Records for the task
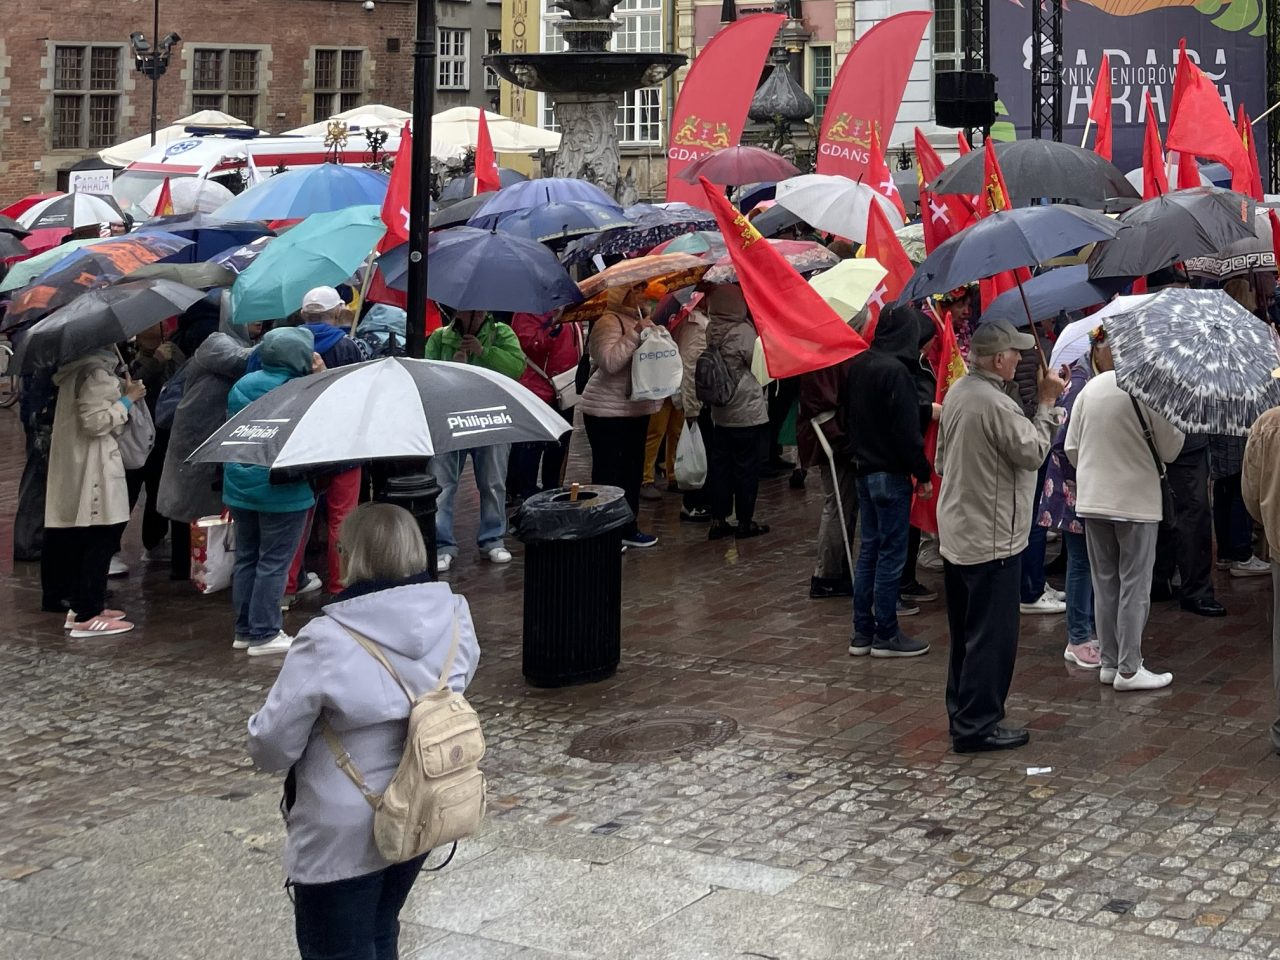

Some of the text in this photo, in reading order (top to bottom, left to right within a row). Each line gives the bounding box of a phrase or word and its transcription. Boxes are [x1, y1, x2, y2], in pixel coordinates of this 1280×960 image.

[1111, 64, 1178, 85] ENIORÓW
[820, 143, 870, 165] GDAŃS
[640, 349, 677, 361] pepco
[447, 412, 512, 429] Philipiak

What this task involves
Word for word, reproduce all of the data, but keep out the pictures.

The completed task
Some of the text in this photo, in reading order (top to bottom, left to right within a row). Each line gives the bounding box of a phrase or word and its transcription. Boxes are [x1, y1, x2, y2], in pixel coordinates of this 1280×960 image.

[1111, 64, 1178, 85] ENIORÓW
[820, 143, 870, 165] GDAŃS
[640, 349, 677, 361] pepco
[447, 412, 512, 429] Philipiak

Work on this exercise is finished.